Task prompt
Each line of data below must be printed exactly as written, with any pictures removed.

Data shown
"""
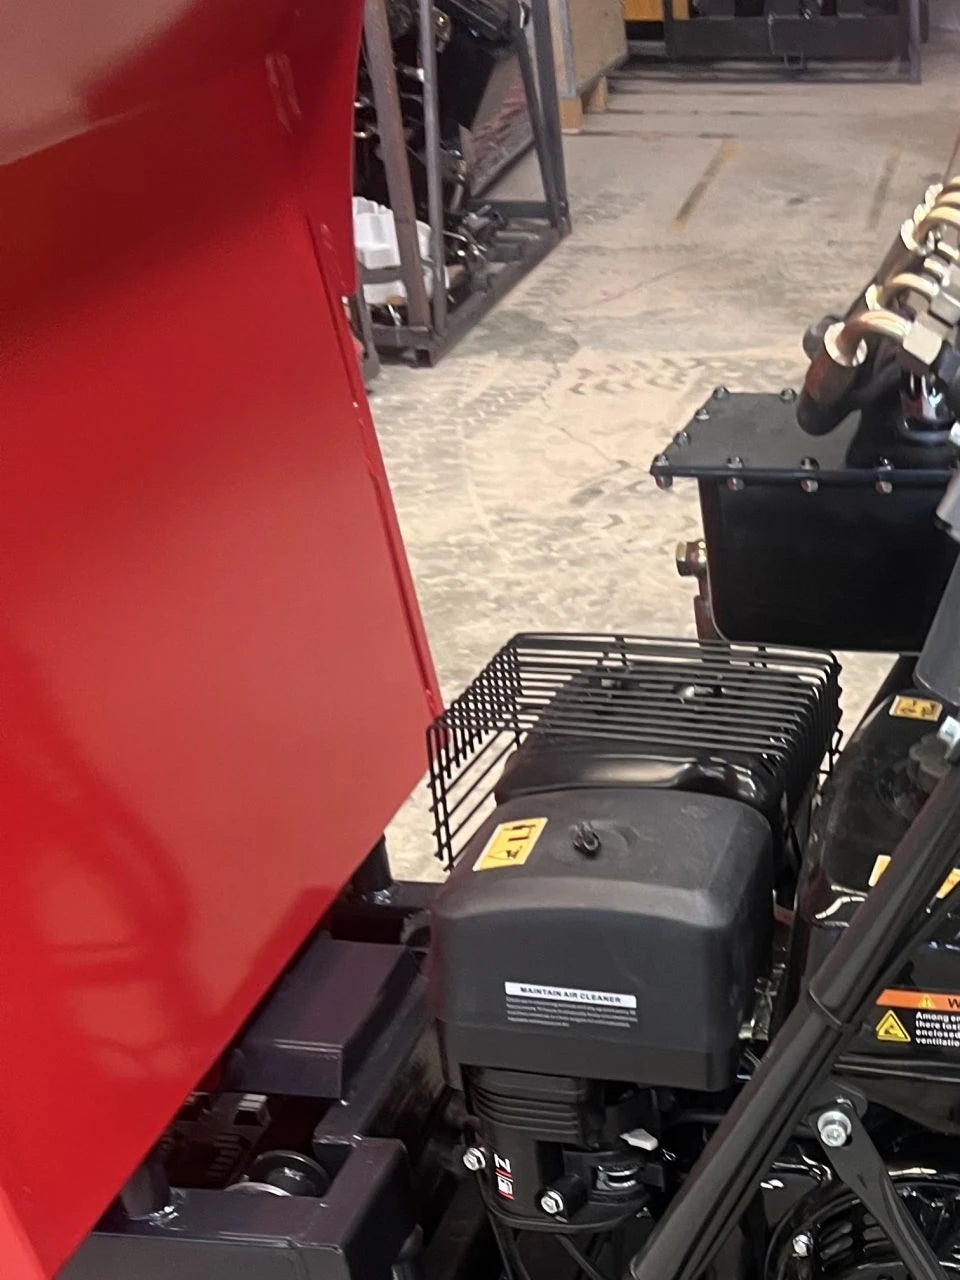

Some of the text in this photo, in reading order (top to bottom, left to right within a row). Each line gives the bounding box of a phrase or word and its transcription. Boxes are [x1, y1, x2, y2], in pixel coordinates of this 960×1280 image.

[520, 986, 622, 1004] MAINTAIN AIR CLEANER
[915, 1011, 949, 1023] Among
[915, 1020, 940, 1030] there
[915, 1029, 960, 1039] enclosed
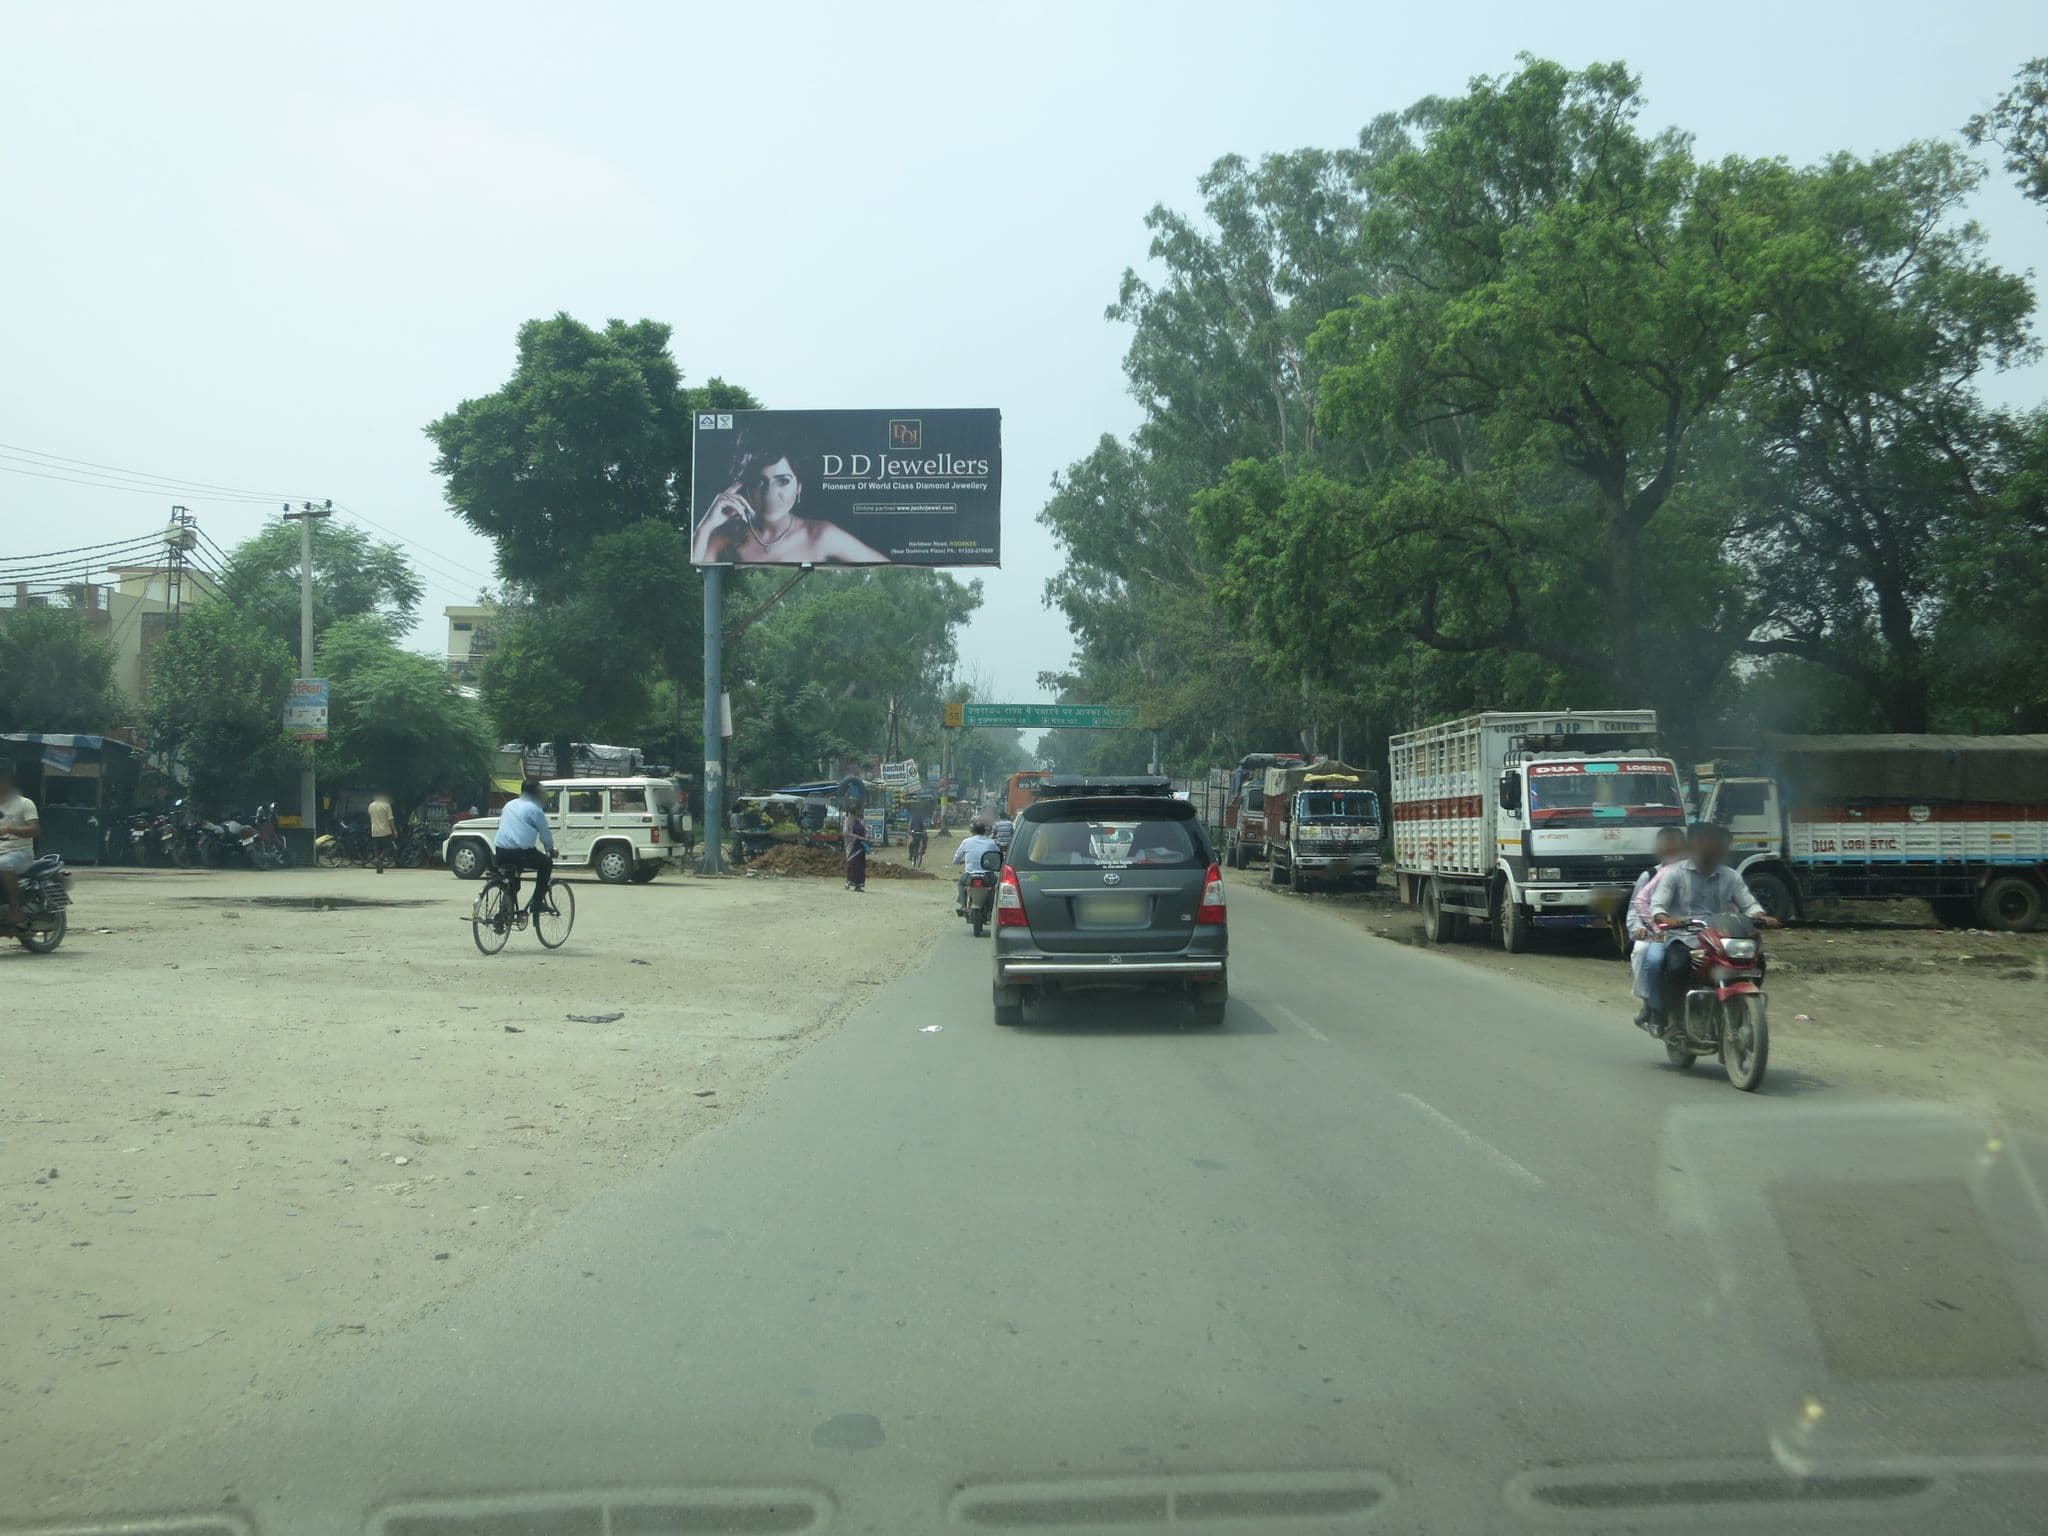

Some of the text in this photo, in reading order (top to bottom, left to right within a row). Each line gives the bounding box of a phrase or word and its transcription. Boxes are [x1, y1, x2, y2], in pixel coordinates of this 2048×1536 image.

[822, 453, 989, 481] D D Jewellers
[822, 481, 988, 491] Pioneers Of World Class Diamond Jewellery
[948, 711, 961, 721] 58
[1494, 722, 1529, 734] GOODS
[1535, 765, 1579, 774] DUA
[1812, 839, 1836, 853] DUA
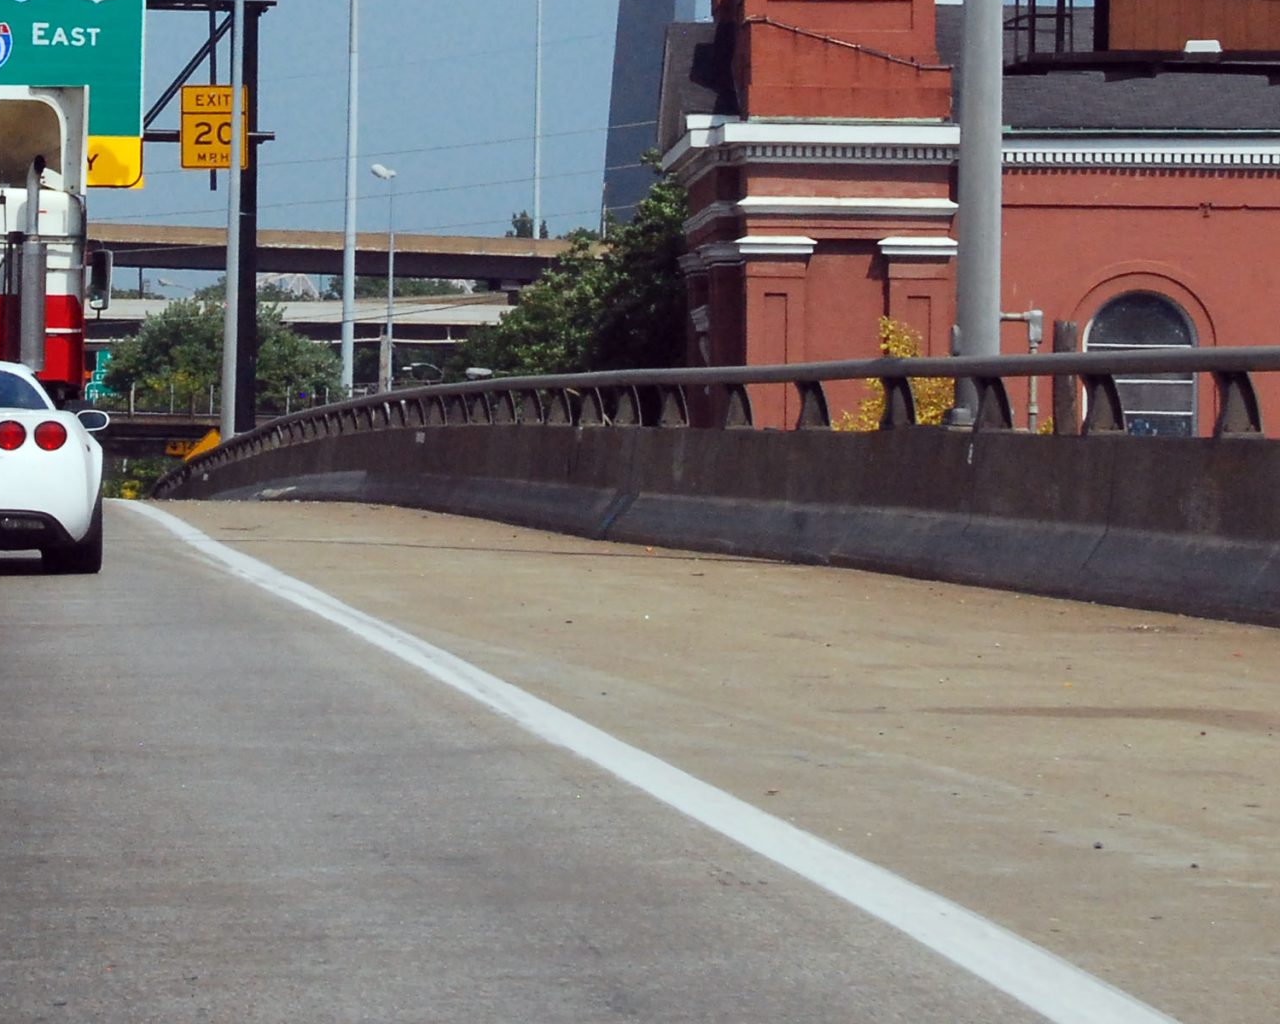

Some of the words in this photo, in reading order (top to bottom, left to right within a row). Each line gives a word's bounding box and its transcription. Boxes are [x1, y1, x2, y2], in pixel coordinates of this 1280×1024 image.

[32, 23, 101, 47] EAST
[195, 94, 231, 107] EXIT
[197, 152, 230, 162] MPH
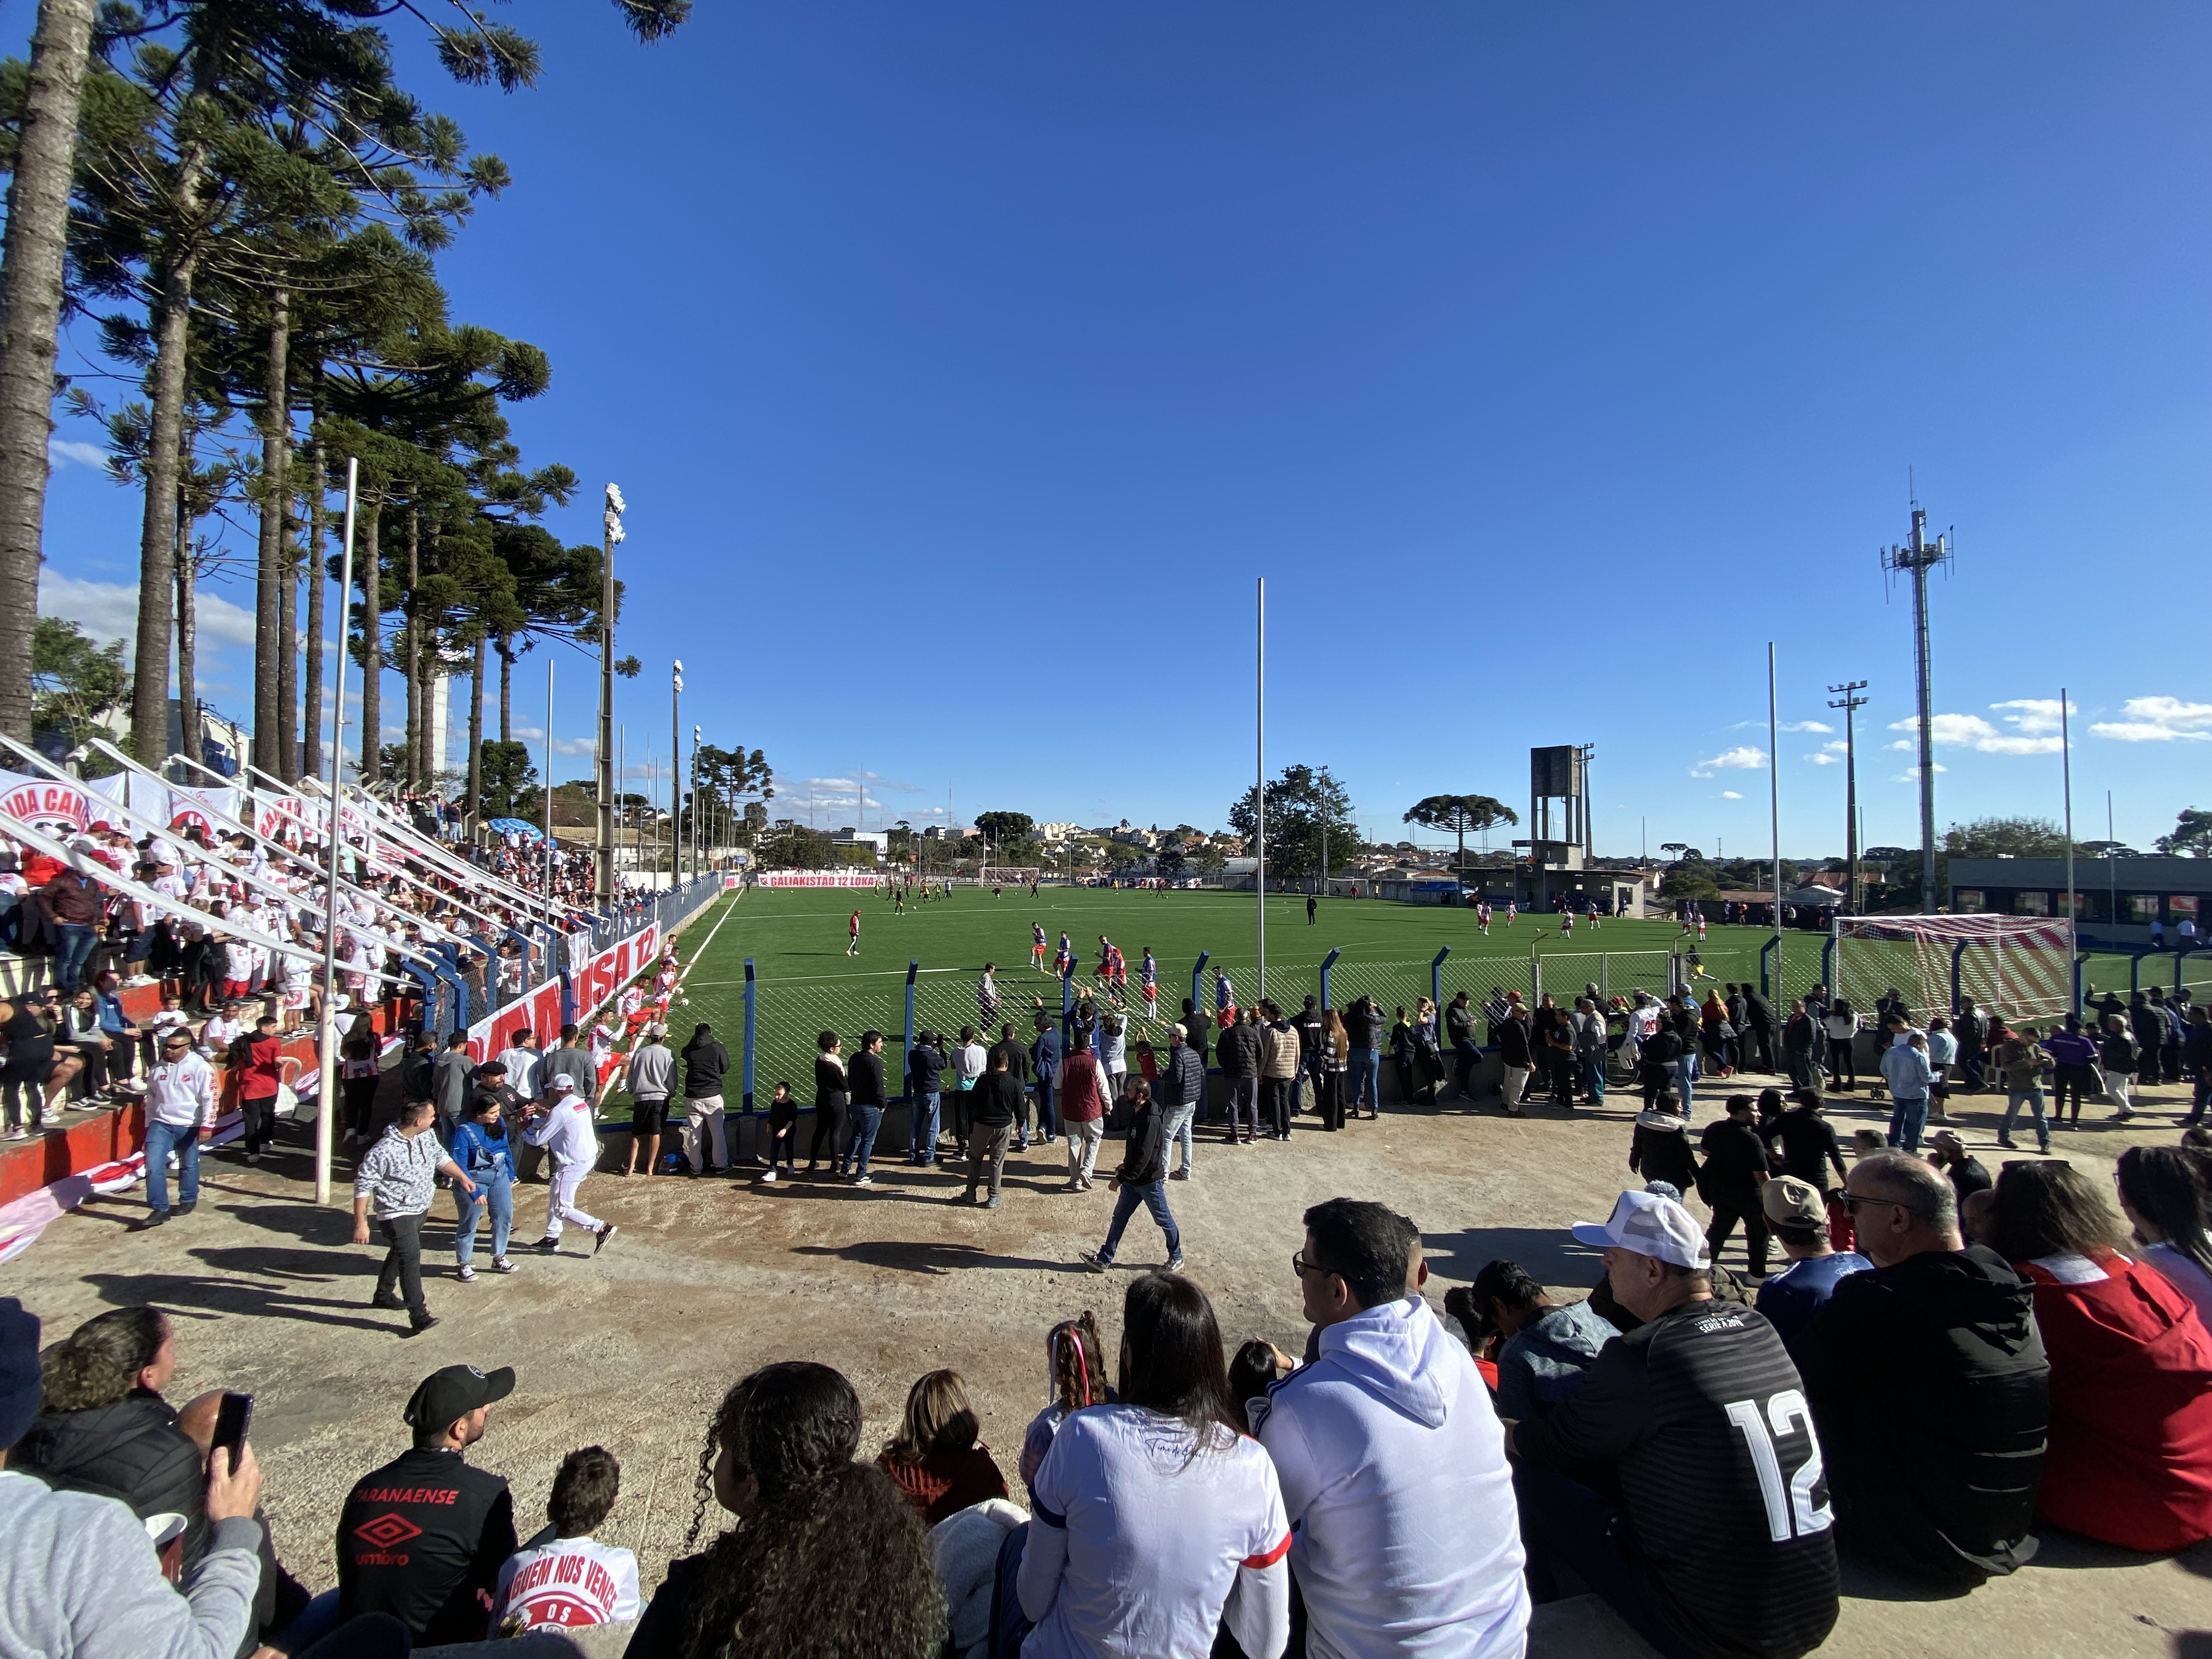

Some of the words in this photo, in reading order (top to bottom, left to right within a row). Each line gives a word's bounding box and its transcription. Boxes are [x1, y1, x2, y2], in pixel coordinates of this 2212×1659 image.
"""
Result
Some of the text in this photo, in reading order (top to bottom, left to right within a row). Each line gives the bounding box of a phrase or word and its transcription. Boxes are [x1, y1, x2, y2], in pixel coordinates of this 960×1280 image.

[520, 986, 622, 1004] MAINTAIN AIR CLEANER
[915, 1011, 949, 1023] Among
[915, 1020, 940, 1030] there
[915, 1029, 960, 1039] enclosed

Some of the text in this photo, in reading order (top to bottom, left to right within a row). Each line gives the bounding box of a phrase or word and its transcription. Boxes are [x1, y1, x2, y2], in pixel coordinates of this 2048×1536 image.

[822, 453, 989, 481] D D Jewellers
[822, 481, 988, 491] Pioneers Of World Class Diamond Jewellery
[948, 711, 961, 721] 58
[1494, 722, 1529, 734] GOODS
[1535, 765, 1579, 774] DUA
[1812, 839, 1836, 853] DUA

Some of the words in this photo, in reading order (top to bottom, left to right within a row). Each line gives a word's bounding box and its transcription. Boxes are [x1, y1, x2, y2], in pixel coordinates of this 1280×1024 image.

[32, 23, 101, 47] EAST
[195, 94, 231, 107] EXIT
[197, 152, 230, 162] MPH

Some of the words in this photo, in reading order (top to bottom, left to right within a row). Each line gives a word's bounding box and its transcription. Boxes are [x1, y1, x2, y2], in pixel coordinates of this 2212×1659 image.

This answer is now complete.